### What you are asked to do
Could every line below be written out exactly as it appears?

(Source records)
--- START ---

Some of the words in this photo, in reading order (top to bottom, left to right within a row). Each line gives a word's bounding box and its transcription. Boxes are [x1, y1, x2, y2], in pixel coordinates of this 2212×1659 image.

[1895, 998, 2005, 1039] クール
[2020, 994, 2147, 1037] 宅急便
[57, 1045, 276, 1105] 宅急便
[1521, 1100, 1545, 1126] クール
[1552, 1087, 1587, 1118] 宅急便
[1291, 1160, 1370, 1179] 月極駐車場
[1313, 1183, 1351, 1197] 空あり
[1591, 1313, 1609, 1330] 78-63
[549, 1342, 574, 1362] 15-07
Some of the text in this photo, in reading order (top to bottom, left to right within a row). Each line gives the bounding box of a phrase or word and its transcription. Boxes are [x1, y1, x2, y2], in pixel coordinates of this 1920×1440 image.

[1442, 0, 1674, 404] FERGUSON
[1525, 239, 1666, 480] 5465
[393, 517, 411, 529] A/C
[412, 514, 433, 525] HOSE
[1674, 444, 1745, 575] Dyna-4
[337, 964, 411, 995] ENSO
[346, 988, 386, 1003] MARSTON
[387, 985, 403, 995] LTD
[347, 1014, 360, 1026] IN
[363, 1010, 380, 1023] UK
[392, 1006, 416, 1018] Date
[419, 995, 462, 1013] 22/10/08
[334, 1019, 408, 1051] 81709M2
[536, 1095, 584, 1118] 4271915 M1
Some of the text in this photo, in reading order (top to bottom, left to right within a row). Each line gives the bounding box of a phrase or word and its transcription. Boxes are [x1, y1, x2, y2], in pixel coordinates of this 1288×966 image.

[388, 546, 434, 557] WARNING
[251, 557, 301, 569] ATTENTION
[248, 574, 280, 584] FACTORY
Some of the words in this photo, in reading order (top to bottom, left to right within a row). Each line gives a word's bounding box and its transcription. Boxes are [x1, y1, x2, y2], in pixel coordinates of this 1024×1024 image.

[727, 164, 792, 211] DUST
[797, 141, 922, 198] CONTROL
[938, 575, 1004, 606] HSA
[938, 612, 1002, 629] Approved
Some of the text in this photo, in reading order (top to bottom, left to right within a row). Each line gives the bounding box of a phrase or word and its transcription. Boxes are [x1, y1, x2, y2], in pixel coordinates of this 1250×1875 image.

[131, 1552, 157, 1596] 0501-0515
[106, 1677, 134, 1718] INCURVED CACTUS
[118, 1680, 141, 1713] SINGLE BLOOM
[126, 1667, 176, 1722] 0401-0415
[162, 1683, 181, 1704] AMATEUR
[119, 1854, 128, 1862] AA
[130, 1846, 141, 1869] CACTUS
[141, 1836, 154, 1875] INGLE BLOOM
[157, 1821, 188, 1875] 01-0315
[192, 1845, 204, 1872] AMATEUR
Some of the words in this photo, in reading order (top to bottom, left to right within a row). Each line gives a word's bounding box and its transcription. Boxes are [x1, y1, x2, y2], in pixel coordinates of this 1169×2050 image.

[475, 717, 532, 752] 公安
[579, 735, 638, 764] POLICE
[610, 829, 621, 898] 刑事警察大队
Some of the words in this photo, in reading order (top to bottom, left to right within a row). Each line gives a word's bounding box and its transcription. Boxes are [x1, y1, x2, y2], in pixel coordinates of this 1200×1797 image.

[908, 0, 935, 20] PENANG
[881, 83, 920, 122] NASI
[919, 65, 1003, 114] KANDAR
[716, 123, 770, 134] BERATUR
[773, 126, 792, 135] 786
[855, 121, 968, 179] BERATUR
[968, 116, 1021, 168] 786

--- END ---

### Written response
Some of the words in this photo, in reading order (top to bottom, left to right within a row). Each line gives a word's bounding box and its transcription. Boxes are [x1, y1, x2, y2], in pixel coordinates of this 2212×1659 image.

[1895, 998, 2005, 1039] クール
[2020, 994, 2147, 1037] 宅急便
[57, 1045, 276, 1105] 宅急便
[1521, 1100, 1545, 1126] クール
[1552, 1087, 1587, 1118] 宅急便
[1291, 1160, 1370, 1179] 月極駐車場
[1313, 1183, 1351, 1197] 空あり
[1591, 1313, 1609, 1330] 78-63
[549, 1342, 574, 1362] 15-07
Some of the text in this photo, in reading order (top to bottom, left to right within a row). Each line gives the bounding box of a phrase or word and its transcription. Boxes are [x1, y1, x2, y2], in pixel coordinates of this 1920×1440 image.

[1442, 0, 1674, 404] FERGUSON
[1525, 239, 1666, 480] 5465
[393, 517, 411, 529] A/C
[412, 514, 433, 525] HOSE
[1674, 444, 1745, 575] Dyna-4
[337, 964, 411, 995] ENSO
[346, 988, 386, 1003] MARSTON
[387, 985, 403, 995] LTD
[347, 1014, 360, 1026] IN
[363, 1010, 380, 1023] UK
[392, 1006, 416, 1018] Date
[419, 995, 462, 1013] 22/10/08
[334, 1019, 408, 1051] 81709M2
[536, 1095, 584, 1118] 4271915 M1
Some of the text in this photo, in reading order (top to bottom, left to right within a row). Each line gives the bounding box of a phrase or word and its transcription. Boxes are [x1, y1, x2, y2], in pixel coordinates of this 1288×966 image.

[388, 546, 434, 557] WARNING
[251, 557, 301, 569] ATTENTION
[248, 574, 280, 584] FACTORY
Some of the words in this photo, in reading order (top to bottom, left to right within a row). Each line gives a word's bounding box and its transcription. Boxes are [x1, y1, x2, y2], in pixel coordinates of this 1024×1024 image.

[727, 164, 792, 211] DUST
[797, 141, 922, 198] CONTROL
[938, 575, 1004, 606] HSA
[938, 612, 1002, 629] Approved
Some of the text in this photo, in reading order (top to bottom, left to right within a row). Each line gives the bounding box of a phrase or word and its transcription. Boxes are [x1, y1, x2, y2], in pixel coordinates of this 1250×1875 image.

[131, 1552, 157, 1596] 0501-0515
[106, 1677, 134, 1718] INCURVED CACTUS
[118, 1680, 141, 1713] SINGLE BLOOM
[126, 1667, 176, 1722] 0401-0415
[162, 1683, 181, 1704] AMATEUR
[119, 1854, 128, 1862] AA
[130, 1846, 141, 1869] CACTUS
[141, 1836, 154, 1875] INGLE BLOOM
[157, 1821, 188, 1875] 01-0315
[192, 1845, 204, 1872] AMATEUR
Some of the words in this photo, in reading order (top to bottom, left to right within a row). Each line gives a word's bounding box and its transcription. Boxes are [x1, y1, x2, y2], in pixel coordinates of this 1169×2050 image.

[475, 717, 532, 752] 公安
[579, 735, 638, 764] POLICE
[610, 829, 621, 898] 刑事警察大队
Some of the words in this photo, in reading order (top to bottom, left to right within a row). Each line gives a word's bounding box and its transcription. Boxes are [x1, y1, x2, y2], in pixel coordinates of this 1200×1797 image.

[908, 0, 935, 20] PENANG
[881, 83, 920, 122] NASI
[919, 65, 1003, 114] KANDAR
[716, 123, 770, 134] BERATUR
[773, 126, 792, 135] 786
[855, 121, 968, 179] BERATUR
[968, 116, 1021, 168] 786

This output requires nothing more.